REQUIRED ACTION: The pictures stay out; all of the data is to be printed exactly.

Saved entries
-- -- --

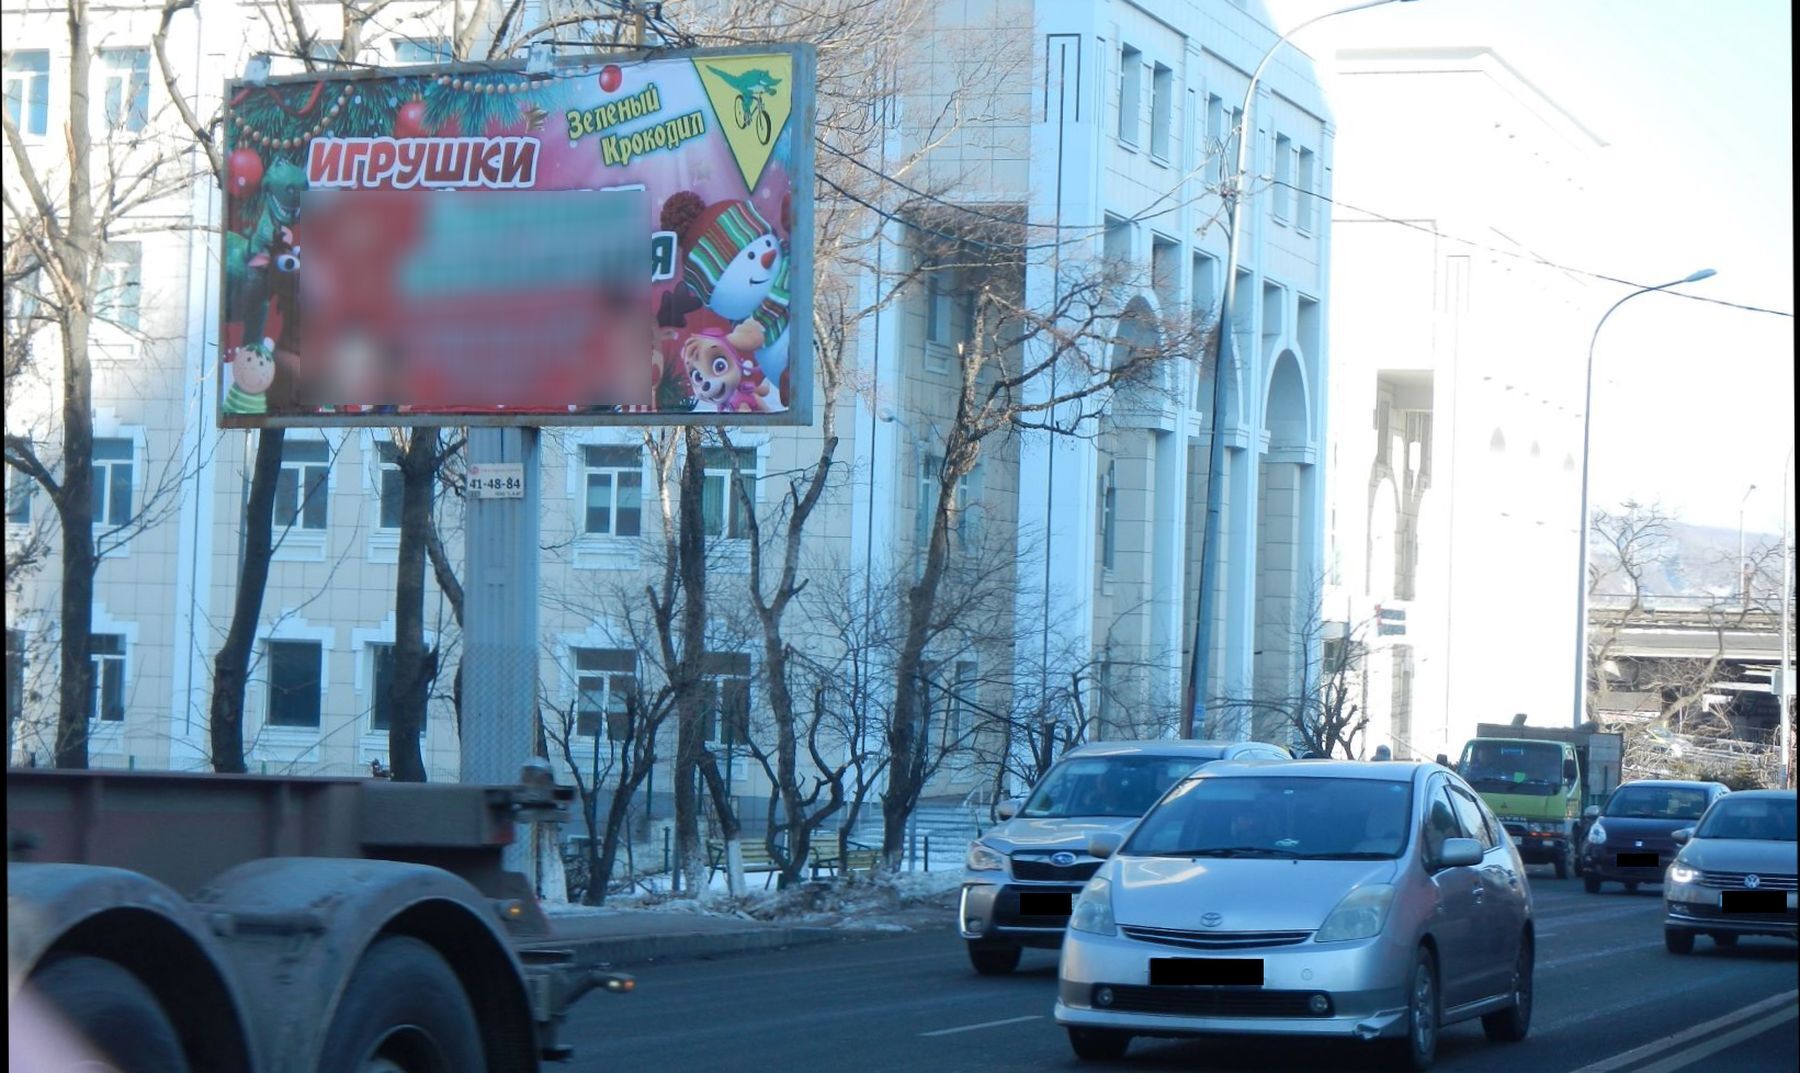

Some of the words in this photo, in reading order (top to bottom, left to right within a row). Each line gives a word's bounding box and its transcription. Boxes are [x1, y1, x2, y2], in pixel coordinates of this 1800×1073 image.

[567, 83, 661, 139] Зеленый
[309, 138, 539, 187] ИГРУШКИ
[600, 110, 705, 166] Крокодил
[469, 477, 521, 490] 41-48-84
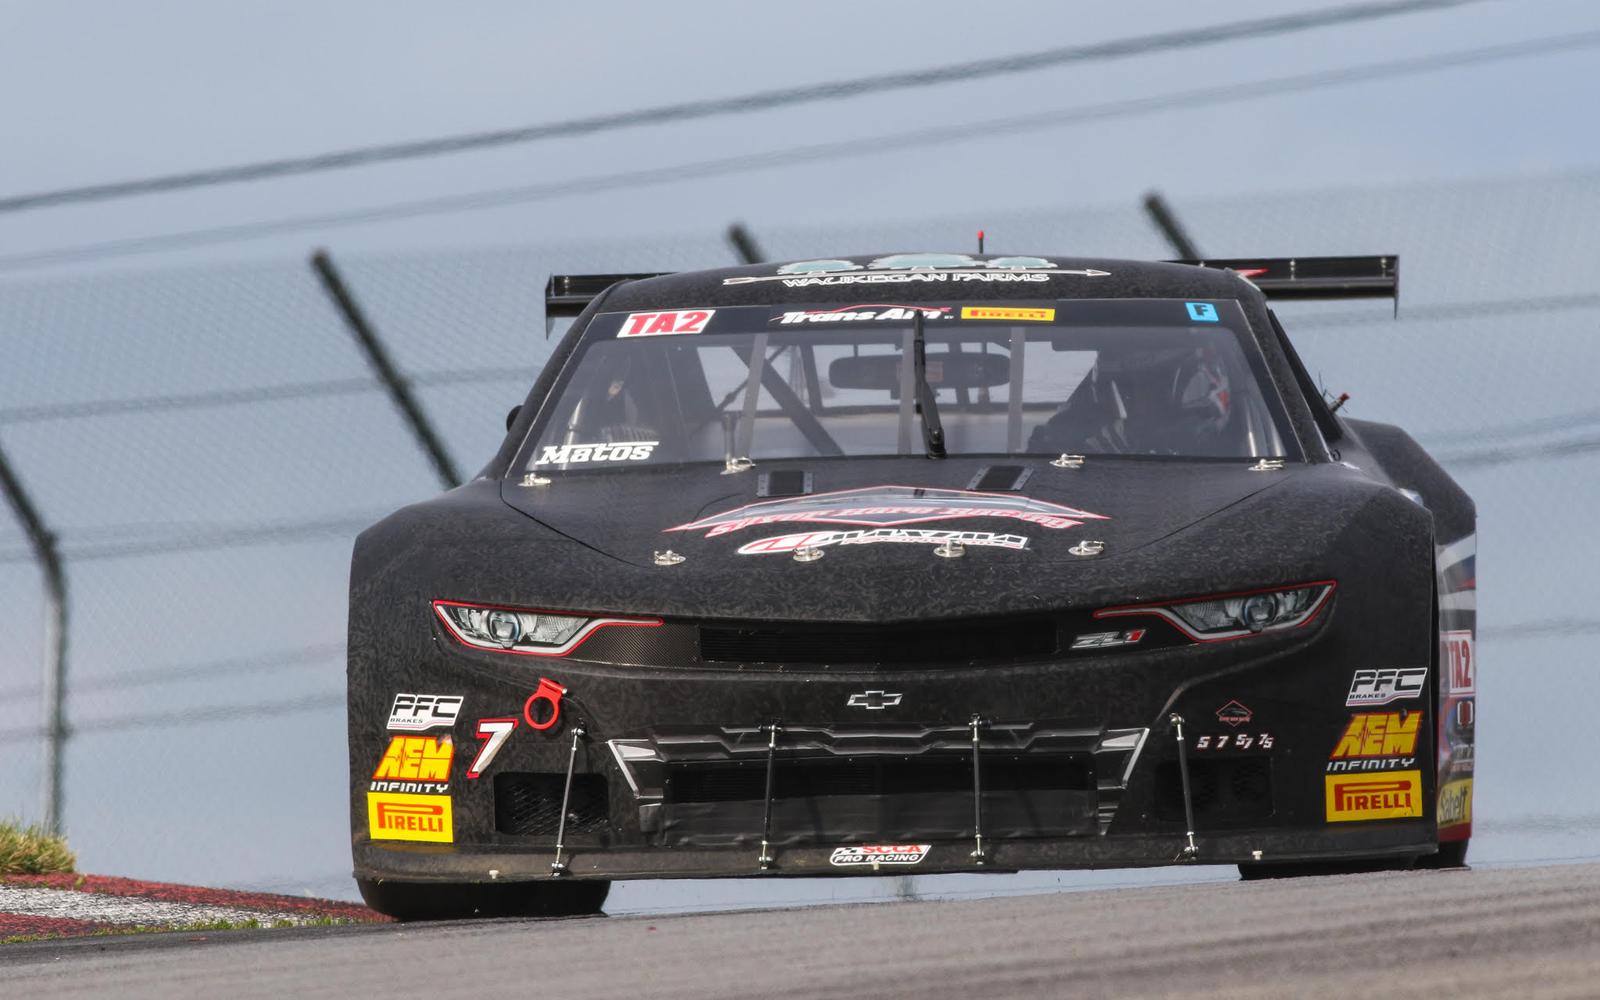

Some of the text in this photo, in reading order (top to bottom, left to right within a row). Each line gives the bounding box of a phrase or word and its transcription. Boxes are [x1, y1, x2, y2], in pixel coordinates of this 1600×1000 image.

[782, 272, 1050, 288] WAUKEGAN FARMS
[780, 311, 878, 324] Trans
[1194, 303, 1209, 316] F
[626, 310, 710, 336] TA2
[535, 441, 660, 466] Matos
[1072, 629, 1147, 649] ZL1
[1352, 669, 1426, 693] PFC
[392, 695, 462, 718] PFC
[1332, 711, 1423, 758] AEM
[372, 735, 455, 781] AEM
[466, 718, 520, 779] 7
[1326, 757, 1416, 772] INFINITY
[369, 781, 449, 793] INFINITY
[1334, 780, 1412, 812] PIRELLI
[376, 802, 444, 833] PIRELLI
[834, 854, 919, 863] PRO RACING
[862, 844, 922, 854] SCCA
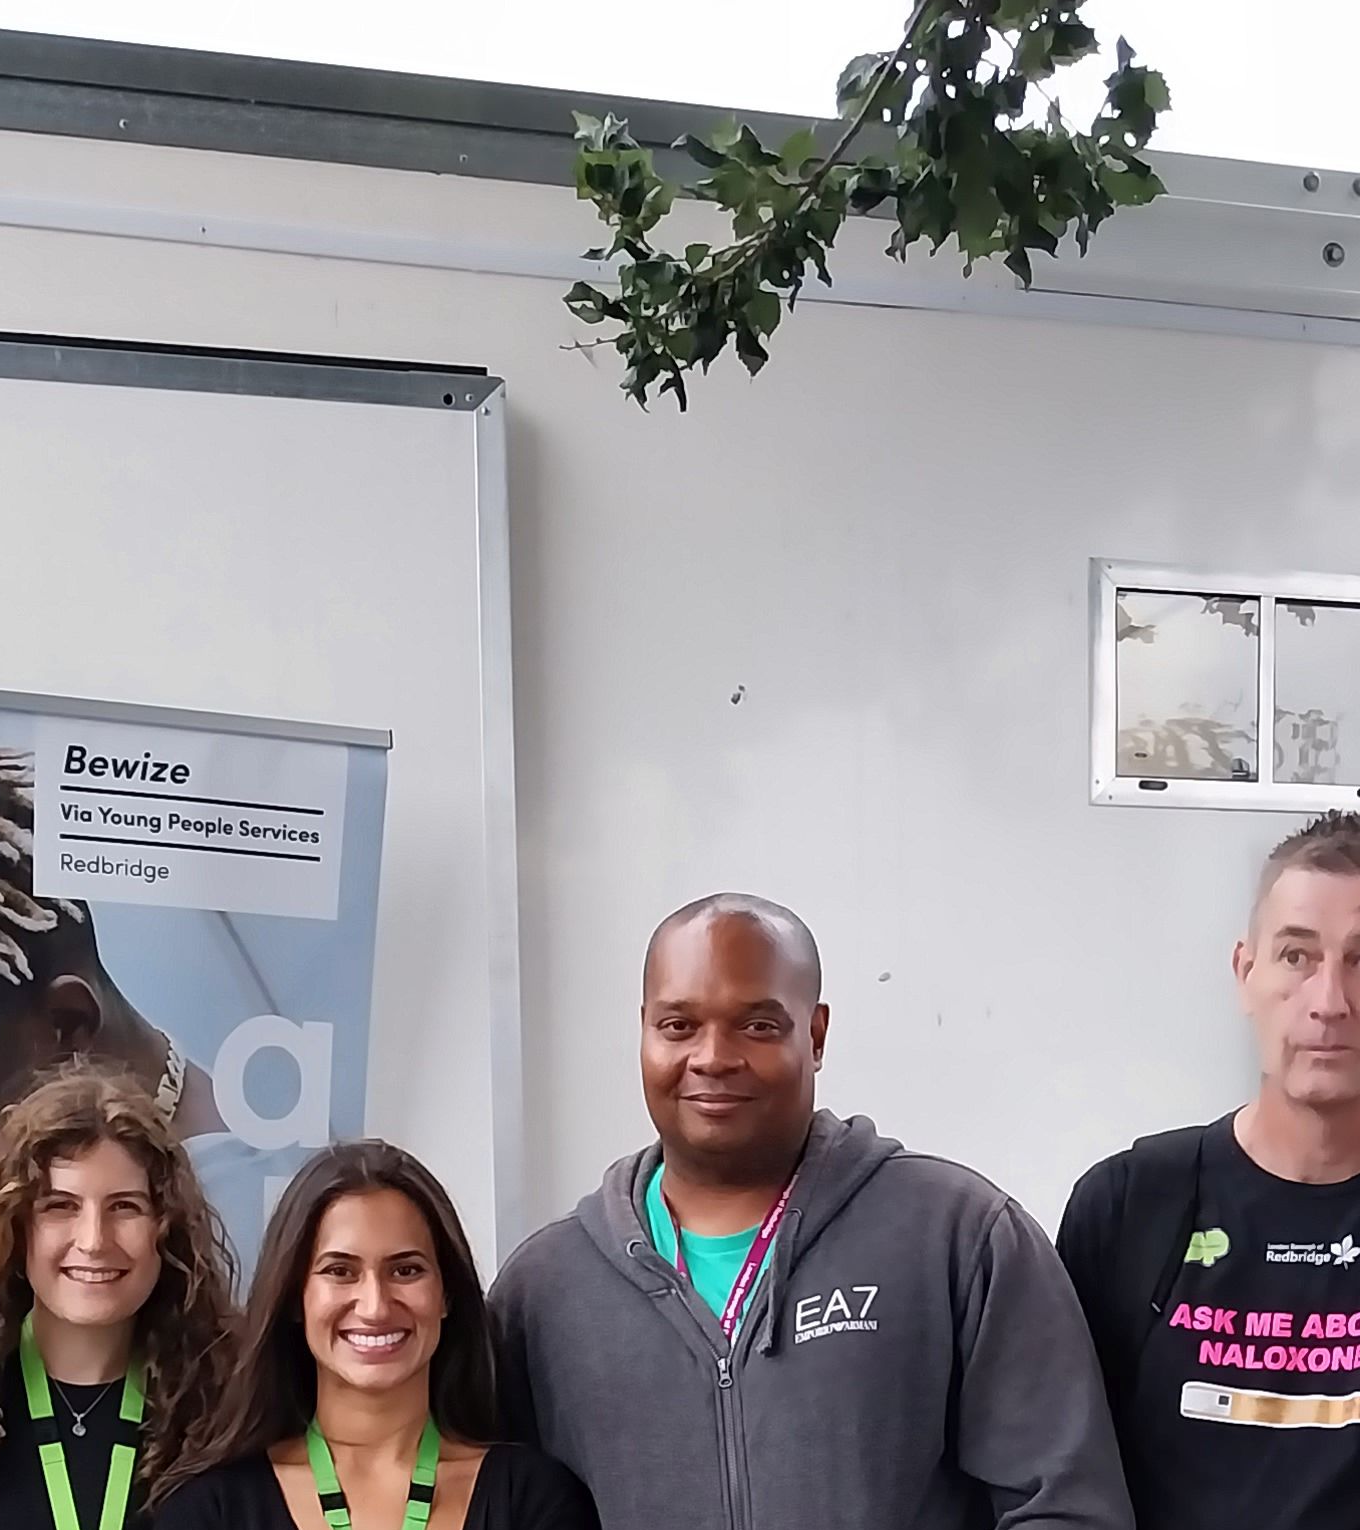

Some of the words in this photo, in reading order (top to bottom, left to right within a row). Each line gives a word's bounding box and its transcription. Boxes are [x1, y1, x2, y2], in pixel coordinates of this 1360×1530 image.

-- -- --

ANSWER TO THIS EXERCISE:
Some of the words in this photo, in reading order (top to bottom, left to right within a row). Each line gives a word's bounding box and its transcription. Boxes are [x1, y1, x2, y2], in pixel coordinates of this 1800×1073 image.

[567, 83, 661, 139] Зеленый
[309, 138, 539, 187] ИГРУШКИ
[600, 110, 705, 166] Крокодил
[469, 477, 521, 490] 41-48-84

Some of the text in this photo, in reading order (top to bottom, left to right within a row). Each line gives the bounding box of a phrase or word and its transcription. Boxes are [x1, y1, x2, y2], in pixel coordinates of this 1600×1000 image.

[782, 272, 1050, 288] WAUKEGAN FARMS
[780, 311, 878, 324] Trans
[1194, 303, 1209, 316] F
[626, 310, 710, 336] TA2
[535, 441, 660, 466] Matos
[1072, 629, 1147, 649] ZL1
[1352, 669, 1426, 693] PFC
[392, 695, 462, 718] PFC
[1332, 711, 1423, 758] AEM
[372, 735, 455, 781] AEM
[466, 718, 520, 779] 7
[1326, 757, 1416, 772] INFINITY
[369, 781, 449, 793] INFINITY
[1334, 780, 1412, 812] PIRELLI
[376, 802, 444, 833] PIRELLI
[834, 854, 919, 863] PRO RACING
[862, 844, 922, 854] SCCA

Some of the words in this photo, in reading order (top to bottom, left to right within a row). Each line gives a word's bounding box and its transcription. Boxes are [x1, y1, x2, y2], in pixel coordinates of this 1360×1530 image.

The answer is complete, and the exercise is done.